Il lungomare di Napoli dice no alla plastica: multe fino a 500 euro

Napoli e l’Europa unite nella lotta alla plastica per un mondo #plasticfree. Un’attenzione all’ambiente che vede la città partenopea aderire alle normative comunitarie europee. Il Comune di Napoli ha infatti emesso un’ordinanza sindacale prolungando fino al 31 marzo 2020 il divieto di uti­lizzo e vendita di plastica sul lungomare.

Un provvedimento necessario dato che le materie plastiche costituiscono sino all’85% dei rifiuti marini presenti lungo le coste, sulla superficie e sui fondali del mare. Ogni anno 8.000.000 di tonnellate di rifiuti in plastica vanno ad aggiungersi ai rifiuti già presenti nel mare.
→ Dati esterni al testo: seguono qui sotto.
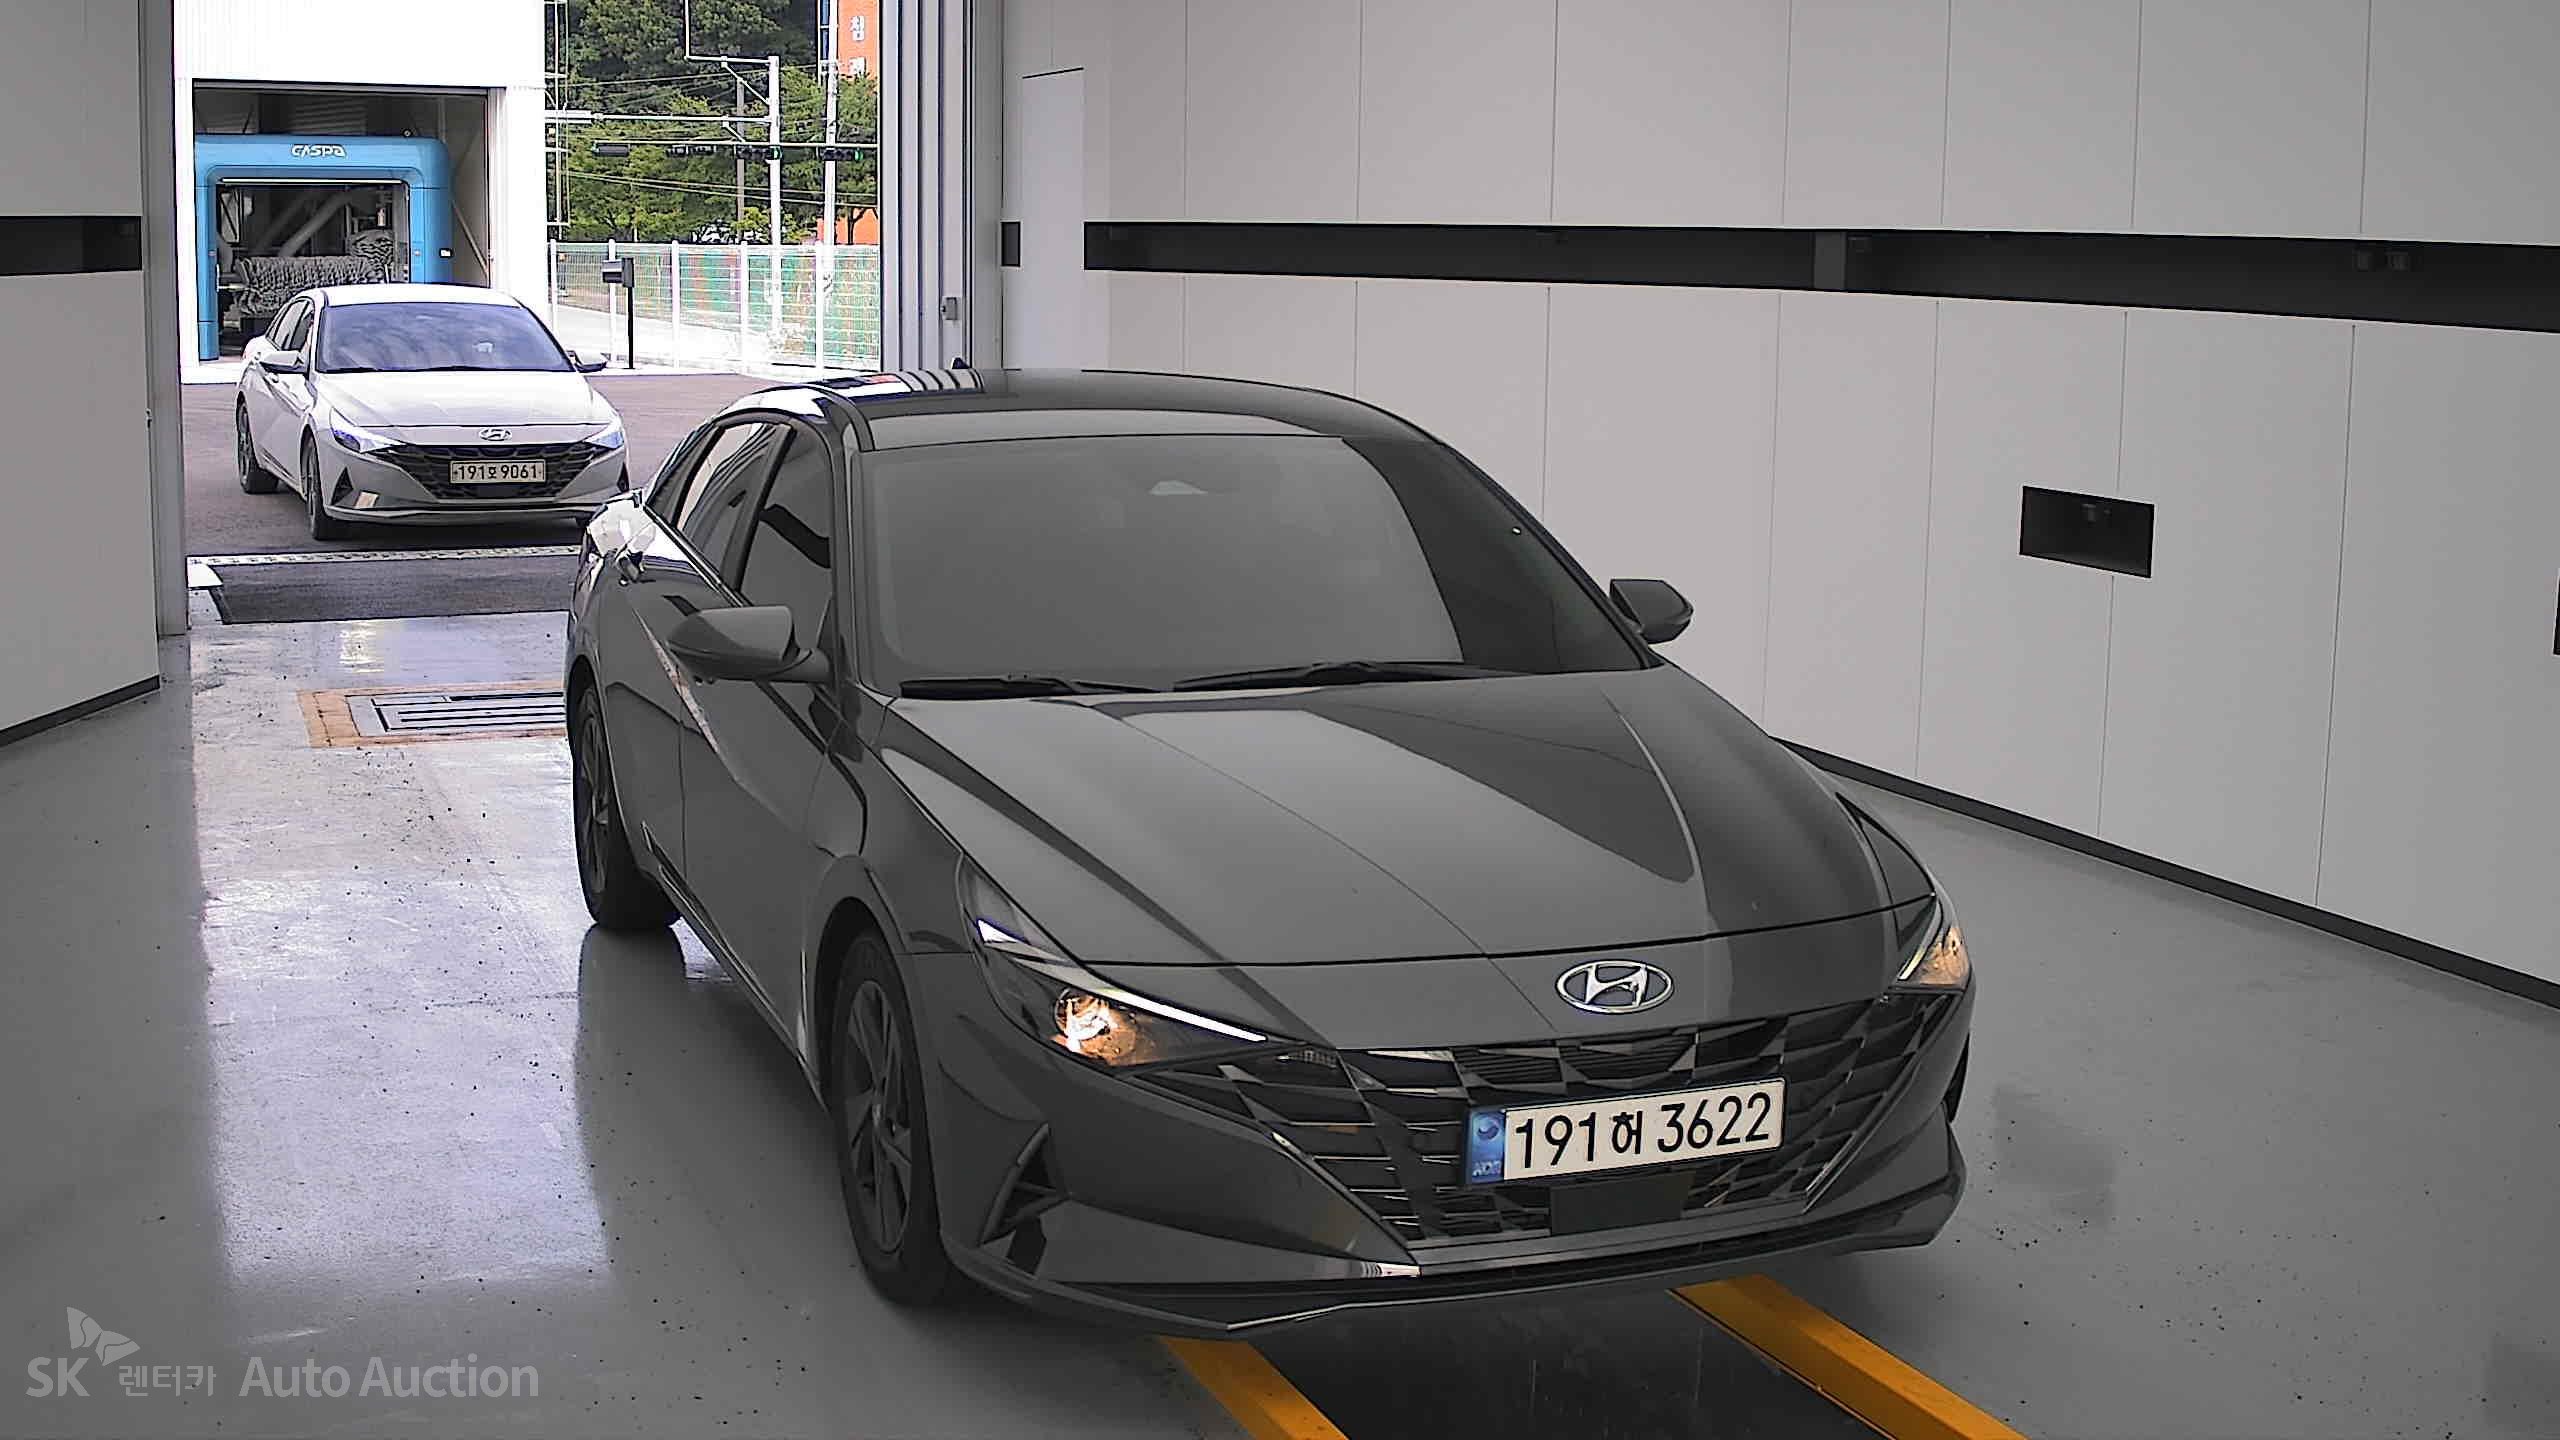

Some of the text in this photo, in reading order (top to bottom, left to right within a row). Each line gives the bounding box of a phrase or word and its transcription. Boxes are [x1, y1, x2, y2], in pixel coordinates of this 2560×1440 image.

[500, 464, 537, 479] 9061
[1515, 1092, 1771, 1169] 191허 3622
Un danno non solo per le specie marine ma anche per l’uomo. Basti pensare che nel 2017 il report Greenpeace relativo a luglio 2017 ha registrato nella Stazione di campio­namento denominata Portici 3,56 microplastiche per metro cubo. In un solo anno, nel 2018 il dato diffuso dal­la Stazione Zoologica A. Dohrn, sempre nella stessa aerea, ha registrato un incremento di 5,24 microplastiche per metro cubo.

Per ridurre i rifiuti di plastica, fino al 31 marzo 2020 ci sarà il divieto di consumo di plastica monouso non biodegradabile e non compostabile su tutto il lungomare della Città di Na­poli. La zona interessata è quella compresa tra le strade che costeggiano la linea di costa, an­che per i terreni elevati sul mare, dalla località La Pietra alla località Pietrarsa.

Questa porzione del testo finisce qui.